Sherley’s Show | Podcast Education + Strategy

Let’s be real for a second. If you’ve spent more than five minutes scrolling through social media or talking to other entrepreneurs, chances are someone has told you, “You should start a podcast.” And maybe they’re right. But maybe—just maybe—they’re not.

Here’s the thing: podcasting is powerful, it’s personal, and it’s here to stay. But it’s not a one-size-fits-all move for every business owner or brand builder. Before you invest your money, your time, and your energy into a new show, you need to sit down with the full picture—not the highlight reel.

That’s exactly what this post is about. We’re going beyond the basic “podcasting is great!” narrative and getting into the real talk: the wins, the challenges, the costs, and the questions you need to answer honestly before you hit record. As a podcast host and coach who has been in this space since 2012, I’ve seen what works, what doesn’t, and what separates the podcasters who build something lasting from the ones who quit after episode three.

Let’s get into it.

Also listent to: Respect and Transparency in Opposite-Sex Friendships

1. Podcasting Can Skyrocket Your Brand Visibility — But Only If Your Brand Is Ready

One of the most exciting benefits of launching a podcast is the visibility it can bring to your business. Every episode is a new opportunity for someone to discover who you are, what you do, and why your brand matters. Whether you’re promoting your show organically through SEO-rich show notes, social media clips, or guest appearances on other podcasts, you are consistently putting your brand into new ears.

Think about it: your audience can listen while driving, cooking, working out, or commuting. That’s a level of accessibility that a blog post or Instagram caption simply cannot match. Audio content is intimate in a way that other formats are not. When a listener hears your voice, they begin to trust you faster. And trust, in business, is everything.

Guest podcast appearances are another underrated visibility strategy. Once your show is established, you’ll find yourself getting invitations to appear on other podcasts in your niche—putting your brand in front of audiences that may have never found you otherwise. That kind of cross-promotional growth is organic, credible, and incredibly valuable.

But here’s the honest truth:

Visibility only works when your brand has clarity. If your business mission is muddy, your messaging is inconsistent, or you’re still figuring out what your brand actually stands for—podcasting will not fix that. In fact, it will amplify the confusion. You’ll be broadcasting uncertainty to a wider audience, and that’s not a good look.

Before you think about a podcast, ask yourself: Can I clearly explain what my business does and who it serves in two sentences or less? If the answer is no, your first project is brand clarity, not brand audio.
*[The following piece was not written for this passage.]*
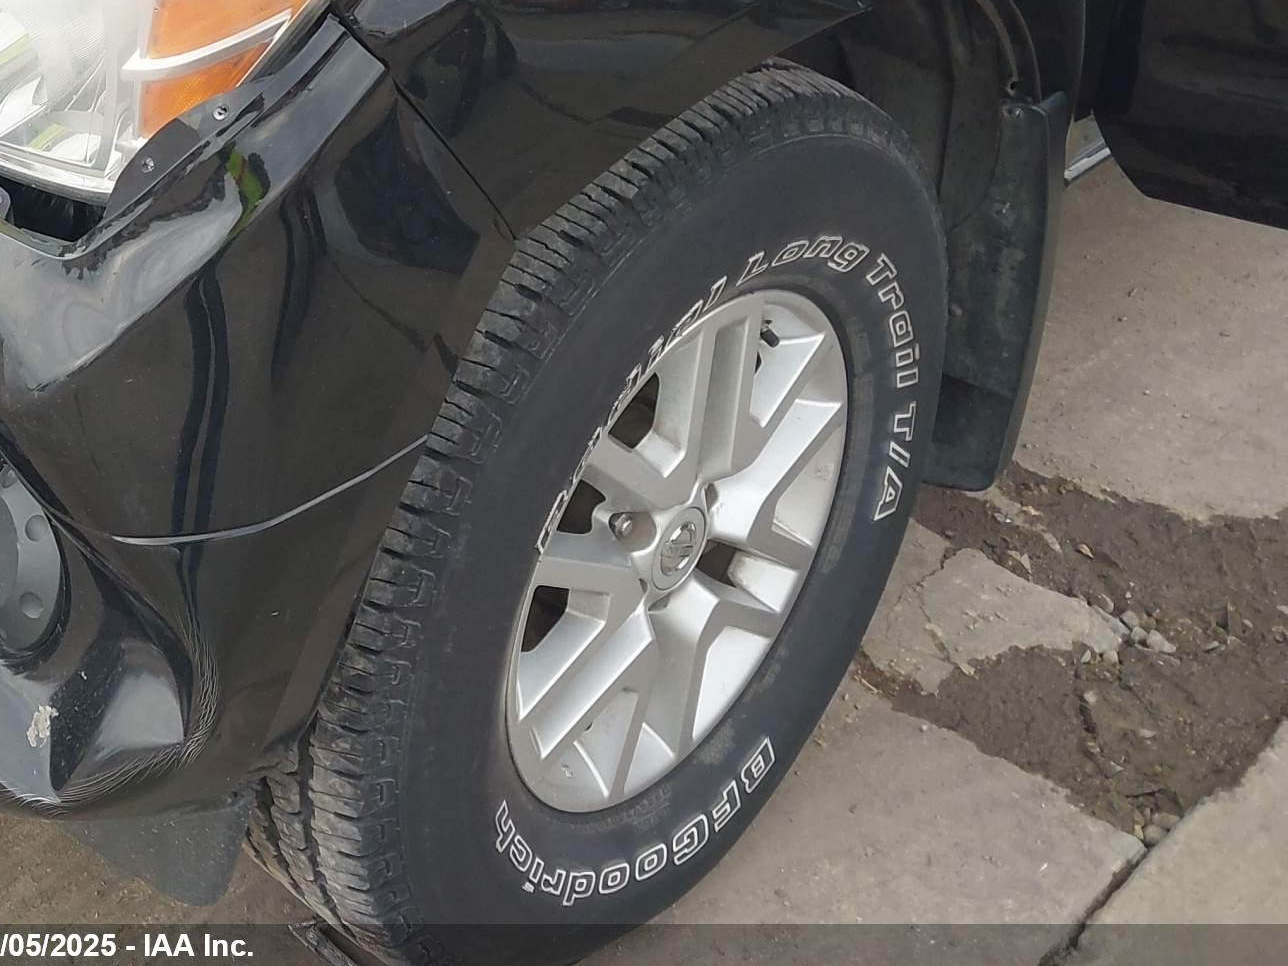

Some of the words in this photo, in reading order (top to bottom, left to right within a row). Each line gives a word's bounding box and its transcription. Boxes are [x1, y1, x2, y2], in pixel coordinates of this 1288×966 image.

If you’re still building out your brand foundation, consider starting your podcast journey by consuming content from people who have walked this road. Over at Sherley’s Show, the free resources library is a great starting point for aspiring podcasters who want to build their show on a solid brand foundation.

2. Podcasting Opens Doors to a Wider, More Accessible Audience

If your content currently lives exclusively on a blog, you are reaching one specific type of consumer: the reader. And while readers are wonderful, they don’t represent everyone in your potential audience.

There are people out there right now who would love what you have to offer, but they don’t read blogs. They’re audio learners. They’re busy parents, commuters, or gym-goers who consume content through their earbuds. A podcast gives you a direct line to those people.

Expanding your content format isn’t just about growth—it’s about inclusion. By showing up in a new medium, you are saying: “I see you, wherever you are, and however you prefer to learn.” That message of accessibility builds loyalty in a way that broad marketing campaigns rarely do.

And if you want to take it a step further? Adding a video component to your podcast—whether through YouTube, Instagram Live, or a platform like Spotify Video—can multiply your reach even further, turning one episode into content that lives across multiple platforms simultaneously.

The challenge, however, is quality.

Expanding your content format means expanding your production responsibilities. And quality content at the podcast level is not free. Here is a realistic breakdown of what podcasting can cost:


Realistic Podcast Production Costs to Consider Recording & editing equipment (microphone, audio interface, headphones, pop filter) Audio editing software or a hired audio editor Podcast hosting platform (Buzzsprout, Podbean, Anchor Pro, etc.) Website domain and hosting Brand design (logo, cover art, social media graphics) Custom intro/outro music Marketing and promotion budget Guest coordination, research assistance Optional: transcriptionist, video editor, virtual assistant Your TIME — which has a dollar value, even if it’s unpaid

Anyone can technically launch a podcast for free. But if you’re doing this for a business—for your brand—a low-quality show reflects poorly on everything you represent. Invest accordingly or wait until you can.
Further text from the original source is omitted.